What is needed: Please set down word for word every line from the one holding "Some of the text" to the end of the data below, both included.

Records to use:
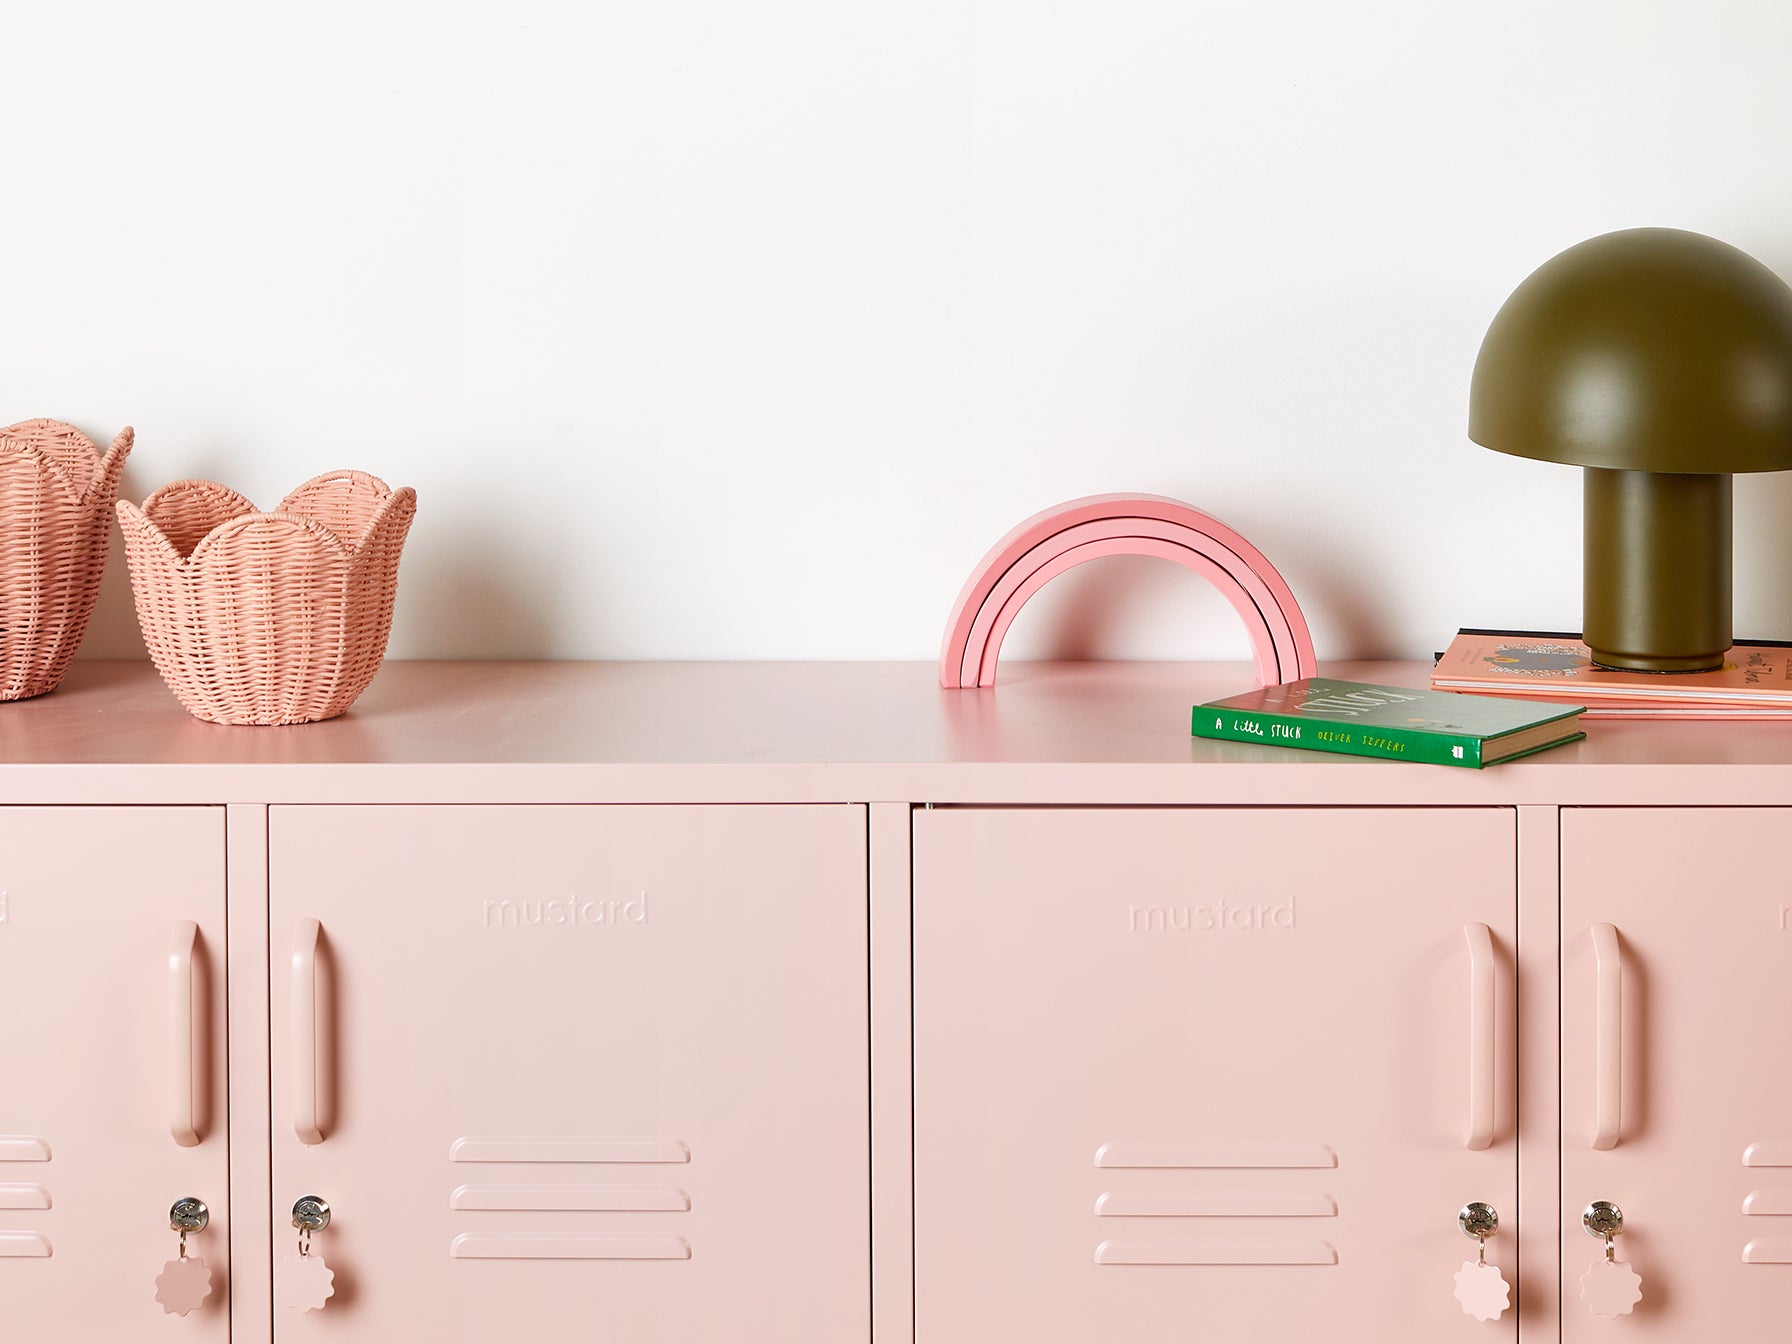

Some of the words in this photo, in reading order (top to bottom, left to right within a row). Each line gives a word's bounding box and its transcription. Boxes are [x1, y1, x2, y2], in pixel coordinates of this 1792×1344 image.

[1215, 717, 1222, 730] A
[1233, 719, 1264, 737] Little
[1271, 723, 1301, 739] STUCK
[1317, 730, 1351, 743] OLIVER
[1362, 735, 1405, 753] JEFFERS
[482, 890, 649, 927] mustard
[1129, 895, 1297, 931] mustard
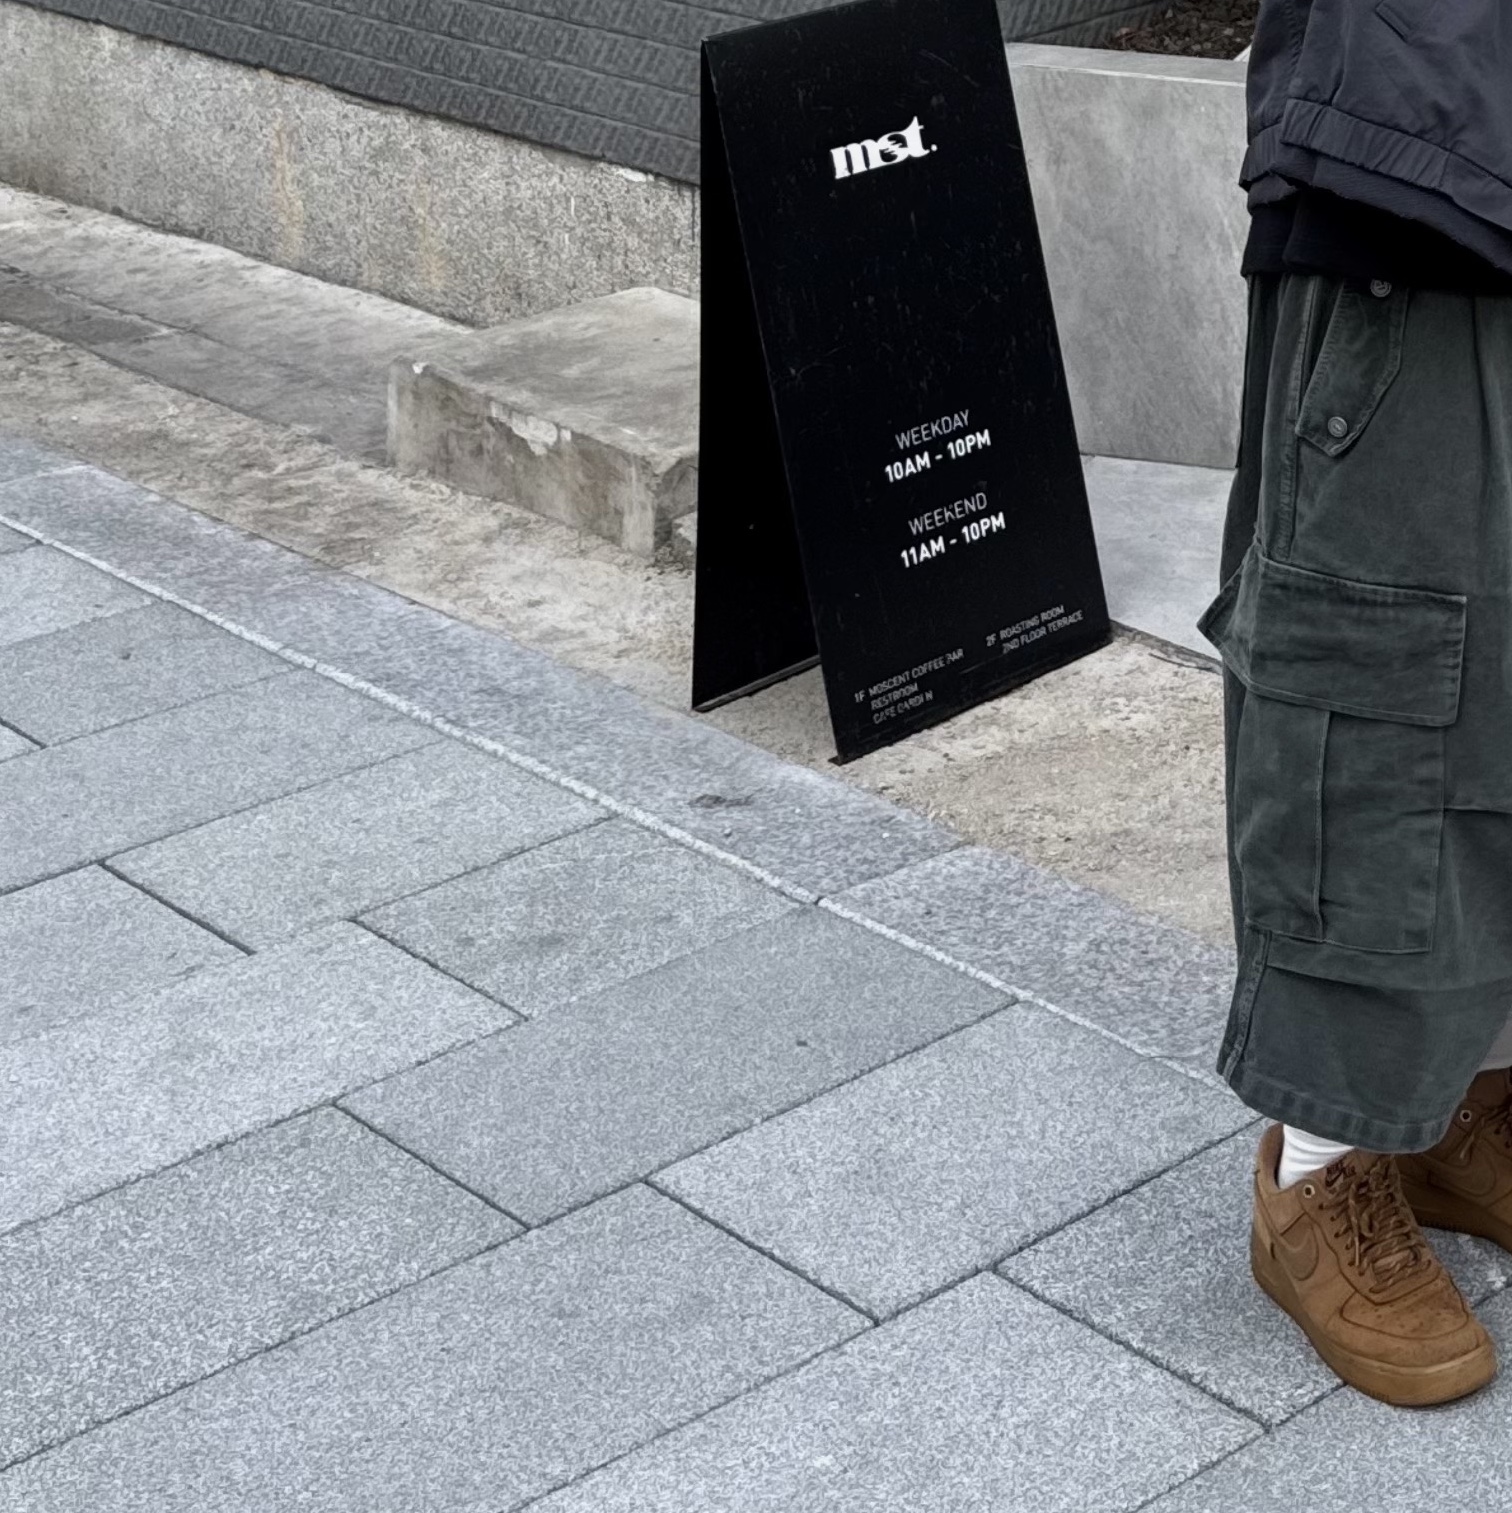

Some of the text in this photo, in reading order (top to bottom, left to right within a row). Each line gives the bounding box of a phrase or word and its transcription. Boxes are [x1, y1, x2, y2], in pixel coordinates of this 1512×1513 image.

[895, 409, 969, 450] WEEKDAY
[885, 451, 931, 483] 10AM
[947, 429, 991, 460] 10PM
[908, 492, 988, 535] WEEKEND
[901, 535, 946, 568] 11AM
[961, 511, 1006, 544] 10PM
[1000, 615, 1040, 640] ROASTING
[1040, 604, 1065, 622] ROOM
[1020, 626, 1047, 646] FLOOR
[1047, 609, 1084, 633] TERRACE
[868, 670, 910, 696] MOSCENT
[911, 656, 946, 678] COFFEE
[871, 682, 919, 710] RESTROOM

Solution to this task:
Some of the text in this photo, in reading order (top to bottom, left to right within a row). Each line gives the bounding box of a phrase or word and its transcription. Boxes are [x1, y1, x2, y2], in pixel coordinates of this 1512×1513 image.

[895, 409, 969, 450] WEEKDAY
[885, 451, 931, 483] 10AM
[947, 429, 991, 460] 10PM
[908, 492, 988, 535] WEEKEND
[901, 535, 946, 568] 11AM
[961, 511, 1006, 544] 10PM
[1000, 615, 1040, 640] ROASTING
[1040, 604, 1065, 622] ROOM
[1020, 626, 1047, 646] FLOOR
[1047, 609, 1084, 633] TERRACE
[868, 670, 910, 696] MOSCENT
[911, 656, 946, 678] COFFEE
[871, 682, 919, 710] RESTROOM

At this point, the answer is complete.